Text-to-region grounding data
>>
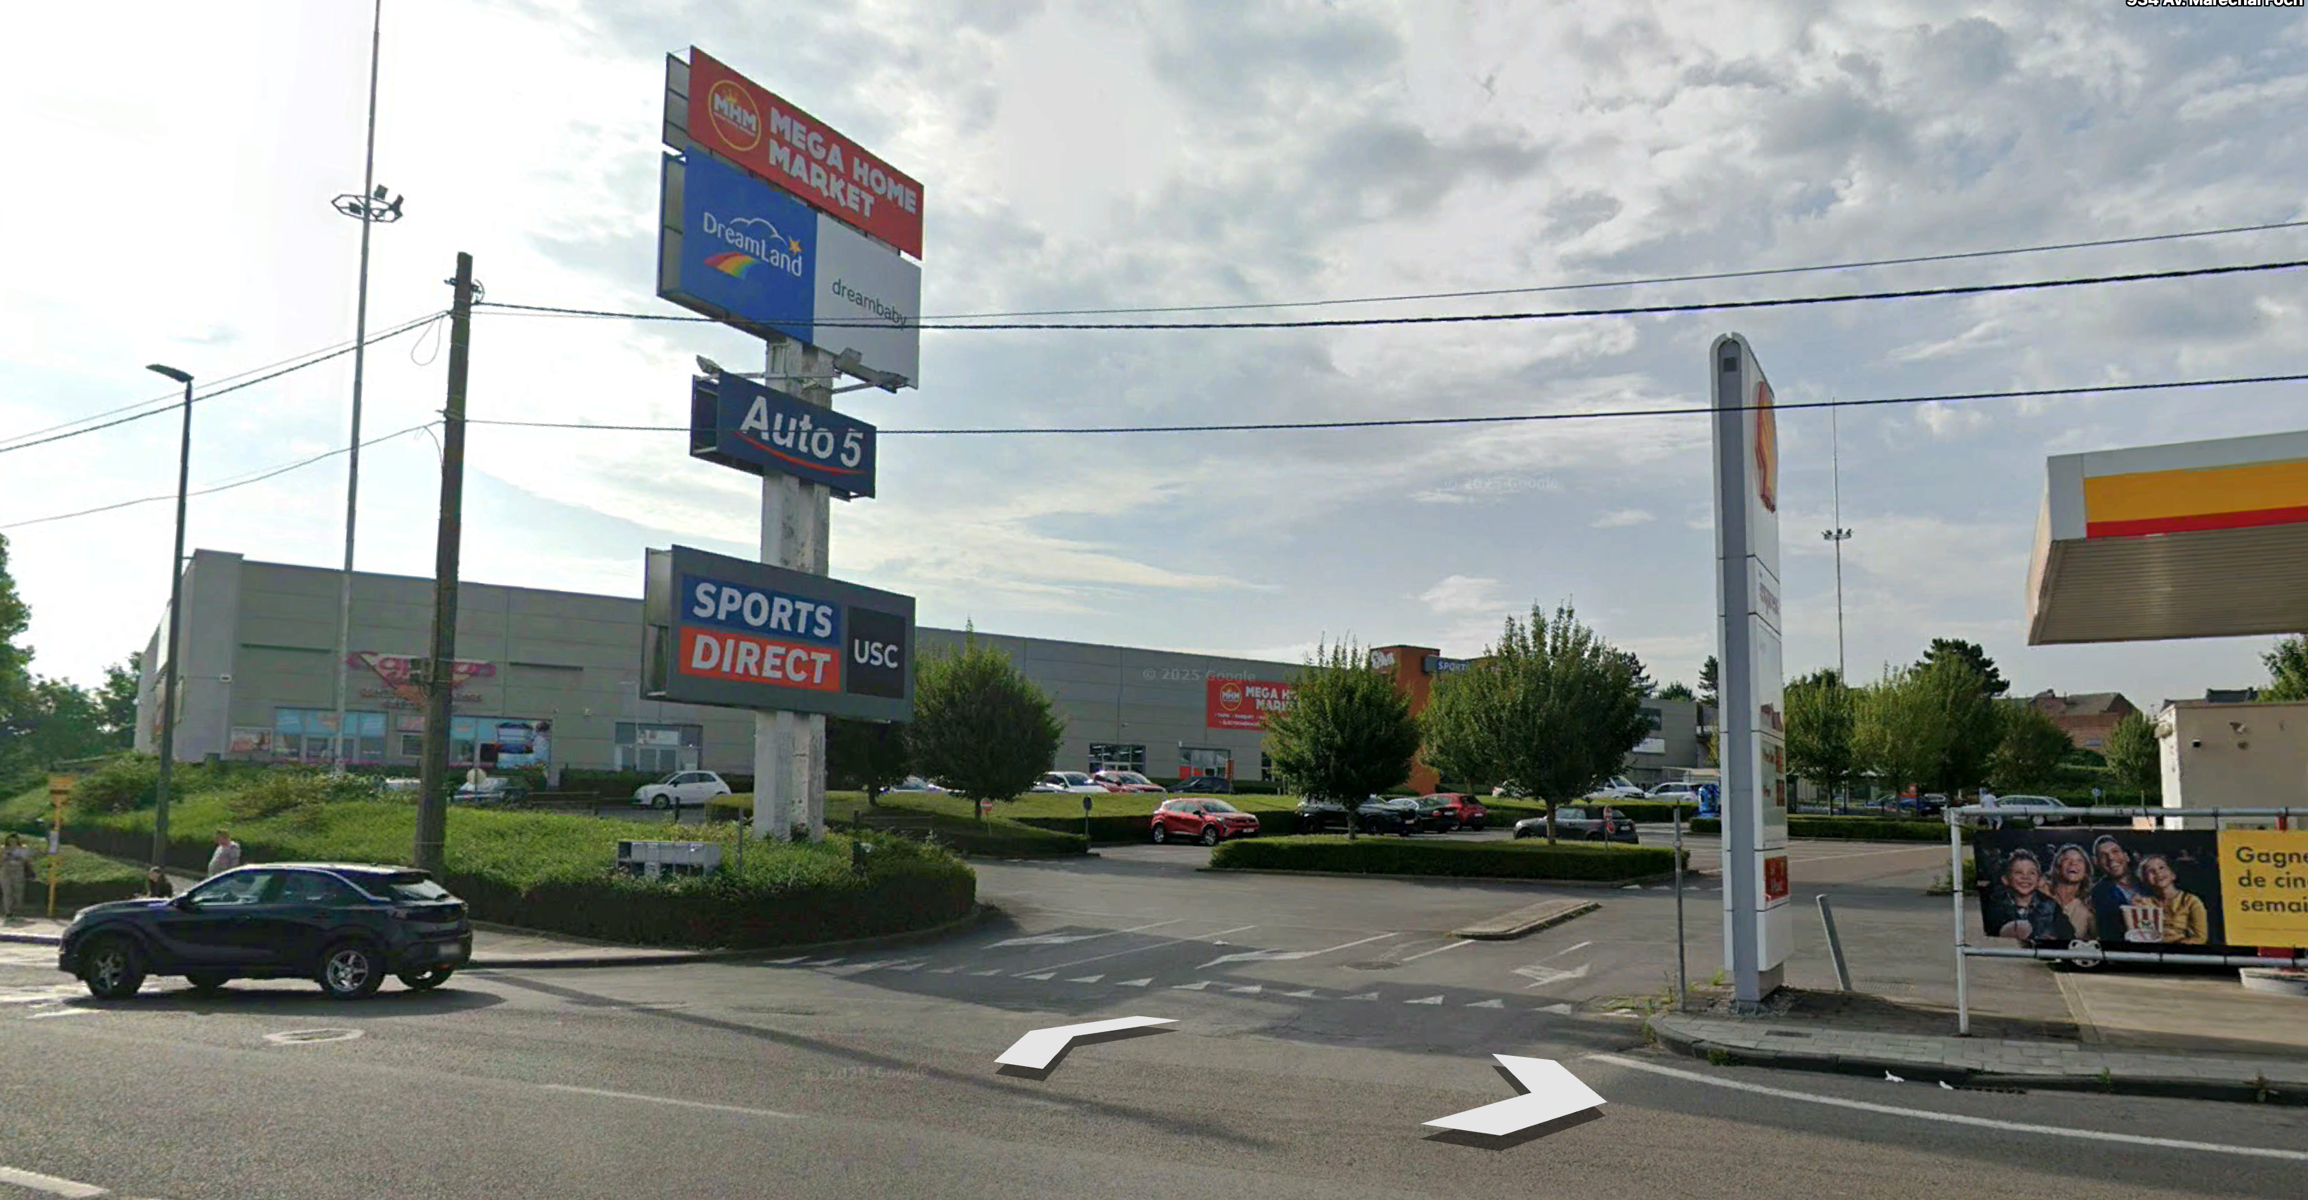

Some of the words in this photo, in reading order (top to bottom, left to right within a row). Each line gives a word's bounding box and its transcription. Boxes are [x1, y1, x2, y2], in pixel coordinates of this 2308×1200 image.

[713, 92, 757, 132] MHM
[769, 138, 875, 218] MARKET
[770, 107, 845, 174] MEGA
[853, 156, 917, 215] HOME
[703, 211, 803, 278] DreamLand
[832, 278, 907, 331] dreambaby
[740, 395, 834, 459] Auto
[840, 428, 864, 468] 5
[692, 582, 834, 638] SPORTS
[690, 634, 832, 685] DIRECT
[853, 638, 899, 669] USC
[1245, 685, 1278, 699] MEGA
[2238, 869, 2266, 888] de
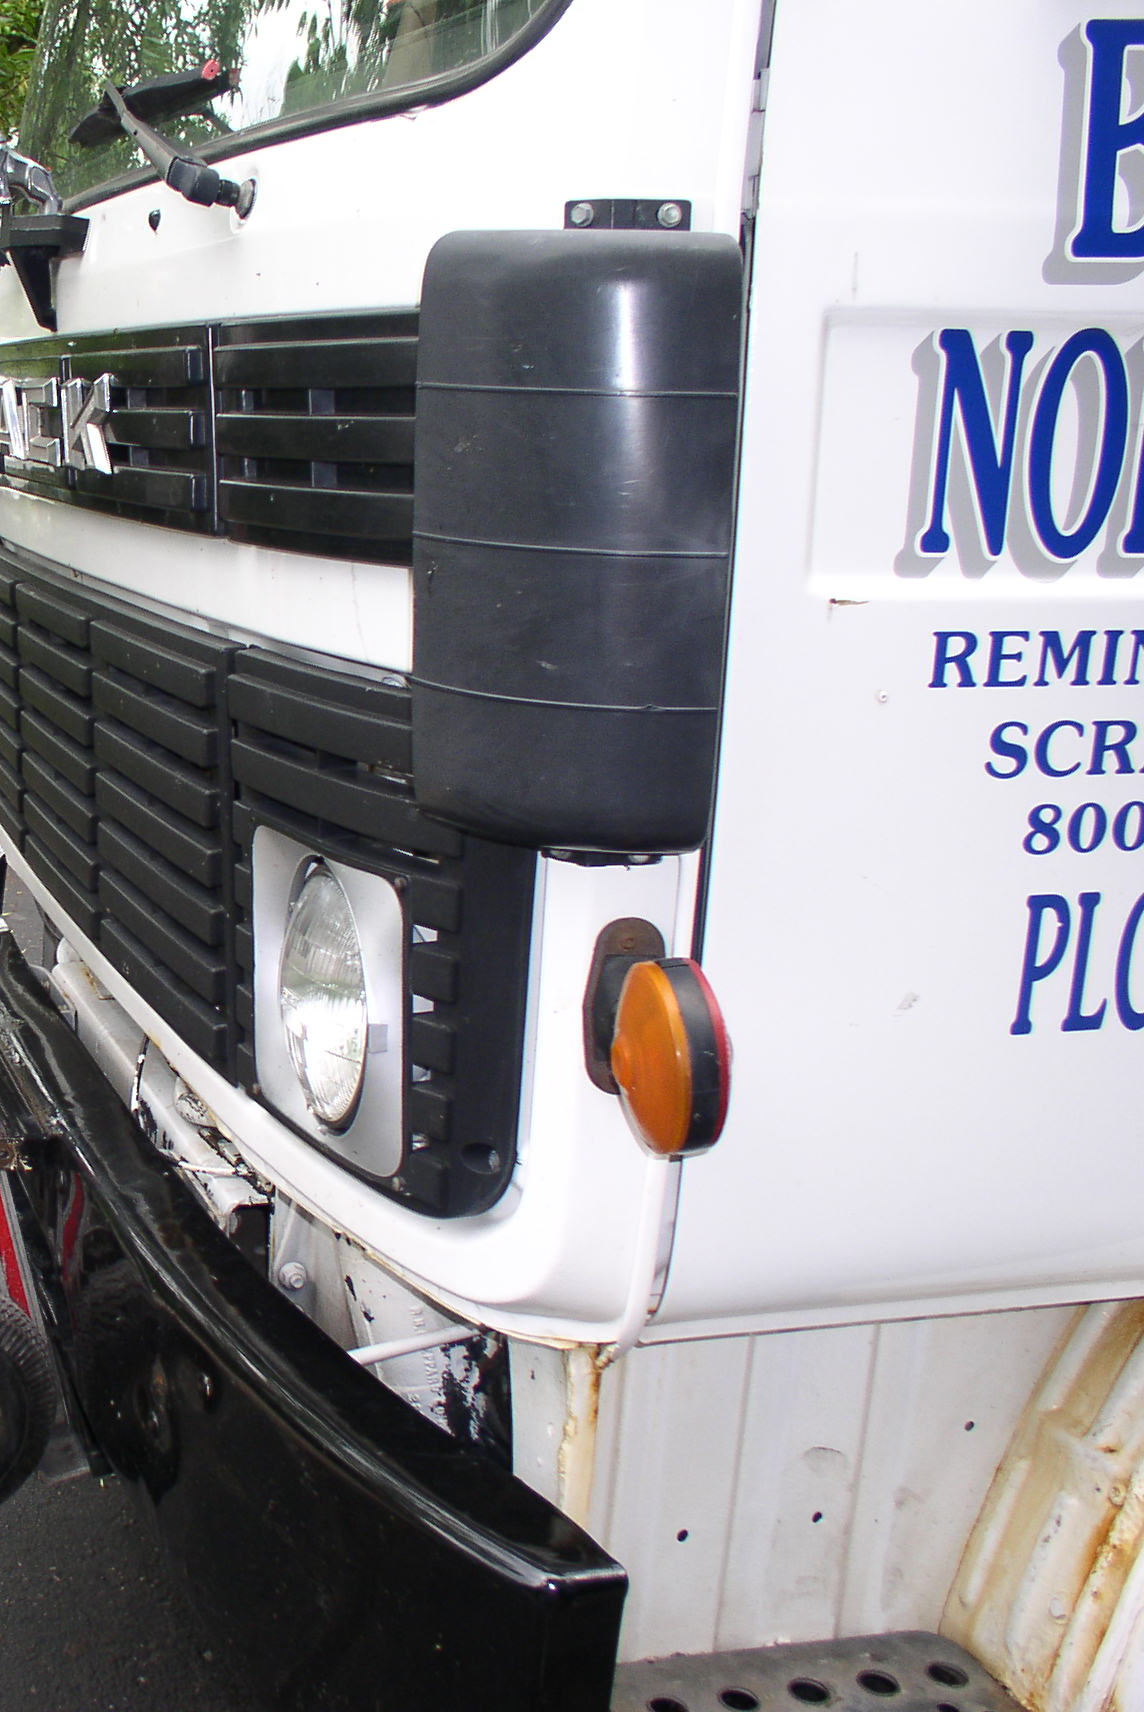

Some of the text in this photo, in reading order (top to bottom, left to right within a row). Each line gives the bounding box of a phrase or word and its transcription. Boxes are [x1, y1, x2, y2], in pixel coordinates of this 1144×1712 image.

[920, 327, 1144, 559] NO
[983, 719, 1144, 780] SCR
[1022, 800, 1144, 856] 800
<<
• The problem: These entries are to be printed again word for word, except for the pictures.

• Response area:
Some of the words in this photo, in reading order (top to bottom, left to right within a row). Each line gives a word's bounding box and its transcription. Boxes are [x1, y1, x2, y2], in pixel coordinates of this 2308×1200 image.

[713, 92, 757, 132] MHM
[769, 138, 875, 218] MARKET
[770, 107, 845, 174] MEGA
[853, 156, 917, 215] HOME
[703, 211, 803, 278] DreamLand
[832, 278, 907, 331] dreambaby
[740, 395, 834, 459] Auto
[840, 428, 864, 468] 5
[692, 582, 834, 638] SPORTS
[690, 634, 832, 685] DIRECT
[853, 638, 899, 669] USC
[1245, 685, 1278, 699] MEGA
[2238, 869, 2266, 888] de

Some of the text in this photo, in reading order (top to bottom, left to right within a row). Each line gives the bounding box of a phrase or word and its transcription. Boxes are [x1, y1, x2, y2], in pixel coordinates of this 1144×1712 image.

[920, 327, 1144, 559] NO
[983, 719, 1144, 780] SCR
[1022, 800, 1144, 856] 800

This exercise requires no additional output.